--- DATA IN THIS EXERCISE Enclosed Below ---

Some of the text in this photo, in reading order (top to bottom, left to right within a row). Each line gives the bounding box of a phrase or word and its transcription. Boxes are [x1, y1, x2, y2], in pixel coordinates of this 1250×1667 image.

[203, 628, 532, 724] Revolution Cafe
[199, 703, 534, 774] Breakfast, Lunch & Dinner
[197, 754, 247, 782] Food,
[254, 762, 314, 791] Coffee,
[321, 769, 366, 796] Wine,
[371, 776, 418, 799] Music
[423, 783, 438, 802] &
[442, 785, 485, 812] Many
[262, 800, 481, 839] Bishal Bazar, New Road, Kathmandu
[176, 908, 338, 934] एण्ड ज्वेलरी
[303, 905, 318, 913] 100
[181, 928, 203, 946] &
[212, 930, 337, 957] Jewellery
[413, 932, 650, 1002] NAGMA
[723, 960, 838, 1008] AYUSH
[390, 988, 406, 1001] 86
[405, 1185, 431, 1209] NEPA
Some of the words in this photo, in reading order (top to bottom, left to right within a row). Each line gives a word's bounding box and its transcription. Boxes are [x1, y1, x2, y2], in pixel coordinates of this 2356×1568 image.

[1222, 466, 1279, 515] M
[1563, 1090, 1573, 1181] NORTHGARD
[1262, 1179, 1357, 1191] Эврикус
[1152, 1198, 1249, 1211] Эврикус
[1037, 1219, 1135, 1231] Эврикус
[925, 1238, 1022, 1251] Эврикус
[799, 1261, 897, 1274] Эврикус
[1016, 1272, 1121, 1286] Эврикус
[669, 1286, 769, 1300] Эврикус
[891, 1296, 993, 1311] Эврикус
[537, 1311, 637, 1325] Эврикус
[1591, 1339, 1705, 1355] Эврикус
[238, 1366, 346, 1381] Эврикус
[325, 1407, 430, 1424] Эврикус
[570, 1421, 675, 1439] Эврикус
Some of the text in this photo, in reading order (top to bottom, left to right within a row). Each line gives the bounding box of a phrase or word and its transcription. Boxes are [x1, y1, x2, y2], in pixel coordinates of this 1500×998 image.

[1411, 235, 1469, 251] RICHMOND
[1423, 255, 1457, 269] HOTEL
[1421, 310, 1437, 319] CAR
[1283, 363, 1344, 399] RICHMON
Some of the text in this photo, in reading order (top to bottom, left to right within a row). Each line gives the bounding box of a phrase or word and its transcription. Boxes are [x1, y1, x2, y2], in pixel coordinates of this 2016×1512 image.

--- End of Enclosed DATA IN THIS EXERCISE ---

> **WHAT YOU WILL DO**
Give back the data exactly.

> **SOLUTION TO THE EXERCISE**
Some of the text in this photo, in reading order (top to bottom, left to right within a row). Each line gives the bounding box of a phrase or word and its transcription. Boxes are [x1, y1, x2, y2], in pixel coordinates of this 1250×1667 image.

[203, 628, 532, 724] Revolution Cafe
[199, 703, 534, 774] Breakfast, Lunch & Dinner
[197, 754, 247, 782] Food,
[254, 762, 314, 791] Coffee,
[321, 769, 366, 796] Wine,
[371, 776, 418, 799] Music
[423, 783, 438, 802] &
[442, 785, 485, 812] Many
[262, 800, 481, 839] Bishal Bazar, New Road, Kathmandu
[176, 908, 338, 934] एण्ड ज्वेलरी
[303, 905, 318, 913] 100
[181, 928, 203, 946] &
[212, 930, 337, 957] Jewellery
[413, 932, 650, 1002] NAGMA
[723, 960, 838, 1008] AYUSH
[390, 988, 406, 1001] 86
[405, 1185, 431, 1209] NEPA
Some of the words in this photo, in reading order (top to bottom, left to right within a row). Each line gives a word's bounding box and its transcription. Boxes are [x1, y1, x2, y2], in pixel coordinates of this 2356×1568 image.

[1222, 466, 1279, 515] M
[1563, 1090, 1573, 1181] NORTHGARD
[1262, 1179, 1357, 1191] Эврикус
[1152, 1198, 1249, 1211] Эврикус
[1037, 1219, 1135, 1231] Эврикус
[925, 1238, 1022, 1251] Эврикус
[799, 1261, 897, 1274] Эврикус
[1016, 1272, 1121, 1286] Эврикус
[669, 1286, 769, 1300] Эврикус
[891, 1296, 993, 1311] Эврикус
[537, 1311, 637, 1325] Эврикус
[1591, 1339, 1705, 1355] Эврикус
[238, 1366, 346, 1381] Эврикус
[325, 1407, 430, 1424] Эврикус
[570, 1421, 675, 1439] Эврикус
Some of the text in this photo, in reading order (top to bottom, left to right within a row). Each line gives the bounding box of a phrase or word and its transcription. Boxes are [x1, y1, x2, y2], in pixel coordinates of this 1500×998 image.

[1411, 235, 1469, 251] RICHMOND
[1423, 255, 1457, 269] HOTEL
[1421, 310, 1437, 319] CAR
[1283, 363, 1344, 399] RICHMON
Some of the text in this photo, in reading order (top to bottom, left to right within a row). Each line gives the bounding box of a phrase or word and its transcription. Boxes are [x1, y1, x2, y2], in pixel coordinates of this 2016×1512 image.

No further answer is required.